1. You don’t want to fight “the fight” anymore. Fighting decline is ultimately a losing battle. With every fight, we need to sense when to let go. It may seem like the savvier choice to try to outwit death by fighting it right up until the last minute, just before transitioning takes hold, but this isn’t true. For so many patients, so much valuable time is lost in continuing a draining fight well past when they’re able, instead of carefully managing the decline. In fact, it’s very much unknown by most that managing the decline of illness yields more control and vitality than fighting it. Hospice is there to manage the decline of illness and the process of dying itself.
2. You hurt. Or you can’t breathe.
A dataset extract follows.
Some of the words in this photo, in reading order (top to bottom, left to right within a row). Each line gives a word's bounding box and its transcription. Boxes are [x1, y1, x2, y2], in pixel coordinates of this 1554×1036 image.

Or your nausea is unrelenting, and you just don’t feel well enough to do anything. When the burden of your symptoms has become too much because the burden of your disease has become too much, it’s time to consider turning to hospice, where symptom management is a priority over trying to fix what cannot be fixed.
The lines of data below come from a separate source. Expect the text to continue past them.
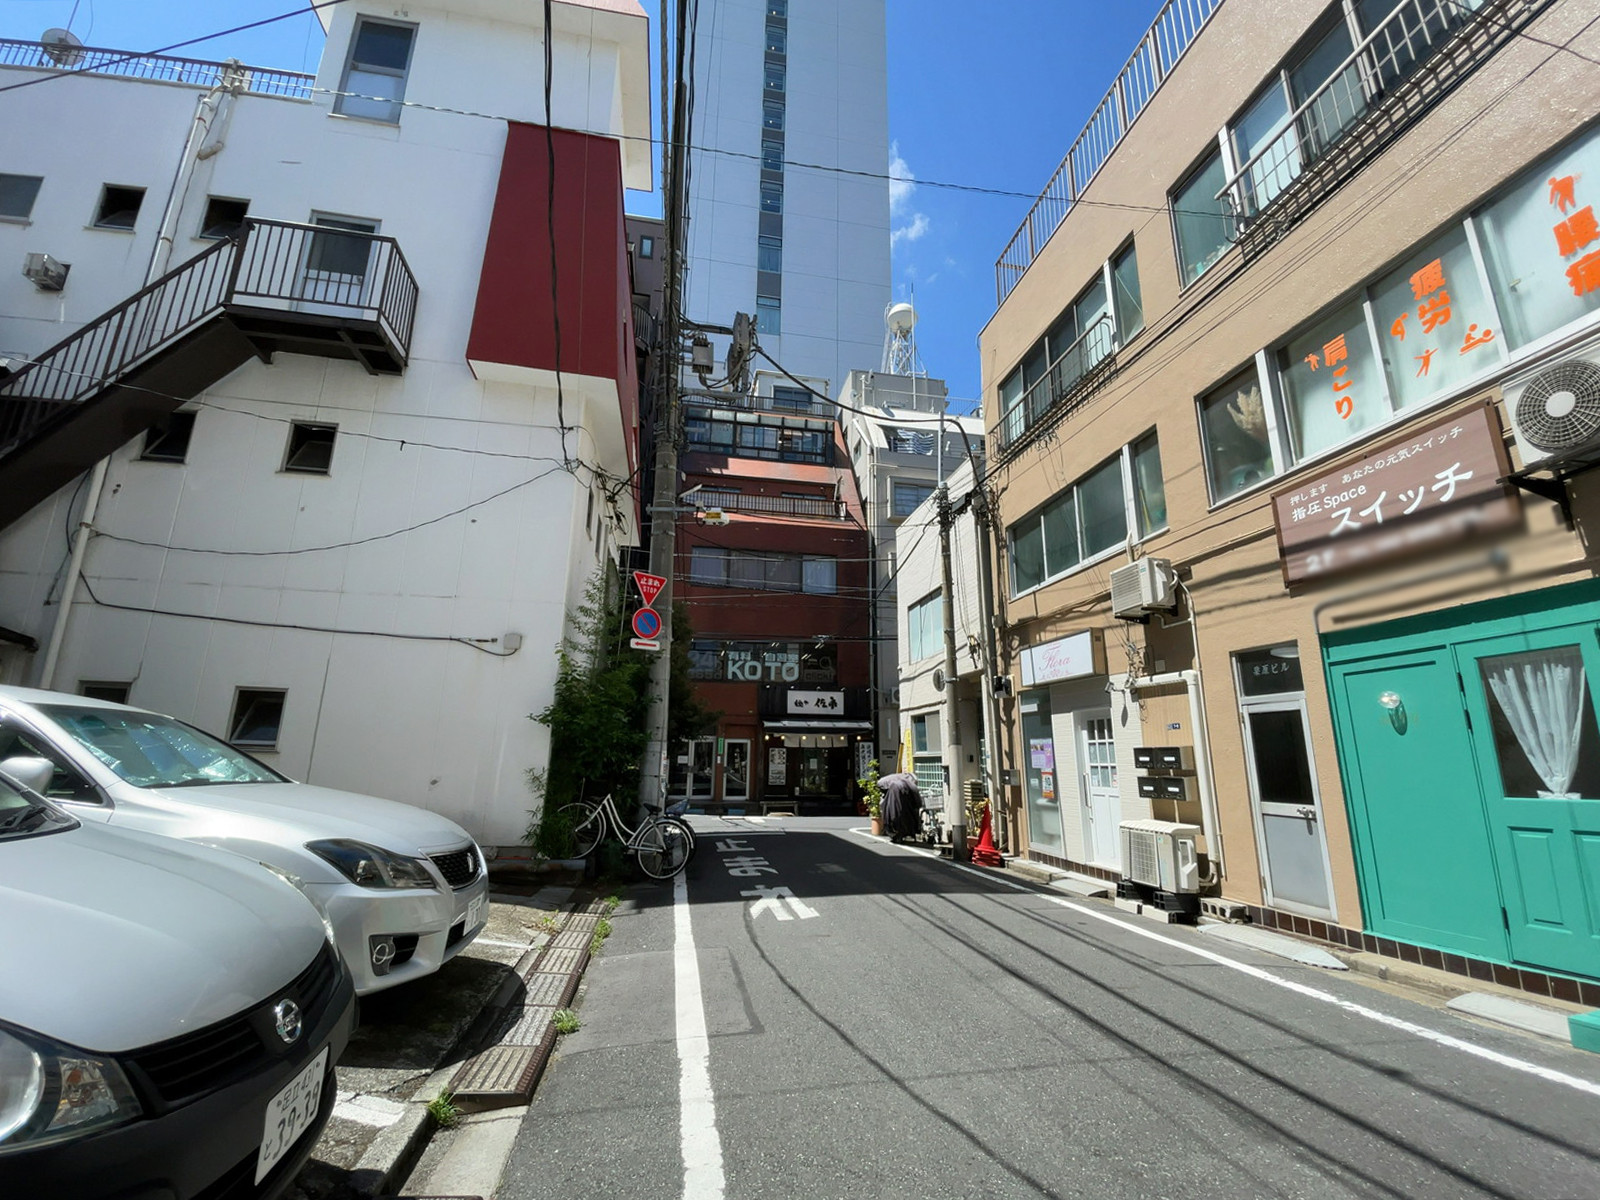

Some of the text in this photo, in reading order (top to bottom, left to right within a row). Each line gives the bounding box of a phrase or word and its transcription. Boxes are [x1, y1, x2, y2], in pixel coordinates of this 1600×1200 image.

[1408, 258, 1452, 335] 疲労
[1322, 333, 1353, 420] 肩こり
[1289, 425, 1464, 506] 押します あなたの元気スイッチ
[1329, 462, 1475, 537] スイッチ
[640, 576, 661, 587] 止まれ
[643, 585, 658, 594] STOP
[727, 661, 799, 682] KOTO
[715, 838, 821, 921] 止まれ
[264, 1080, 321, 1161] と 39-39
[281, 1080, 300, 1113] 足立
3. It’s the benefit you worked for. We all know Social Security. We all know Medicare. But one of the still-quieter benefits that we as US citizens qualify for if we qualify for Medicare, is hospice. It’s a wonderful thing at the end of life to have the net of hospice, including physician and nursing oversight, CNA care, and psychosocial support. It really is an underutilized benefit due to patients (and clinicians) not understanding what it is and when to put it in place.
4. Your family needs help. Hospice is not just for the patient. It’s for the patient’s caregiving network. Hospice greatly increases the support caregivers receive. It can help the caregiver with actual physical caregiving, from wound care to medication administration; it can help the caregiver with understanding what is going to happen, so that the grief of losing a loved one is not compounded by a lack of closure; and it can help caregivers deal with the ongoing grief after their loss.
5. You are ready to accept death. This is the statement which inspires the most fear. But many who have walked the walk of burdensome, distressful illness, realize in their own time, that they are ready to let go. Through the powerfully transformative process of illness, they come to the realization that they are ready for death when it should come, and they choose hospice and its philosophy of smoothing the passage of dying instead of expending precious energy to battle the inevitable. It isn’t a morbid choice to accept death; when the divine dictates it’s your time, it’s a noble choice.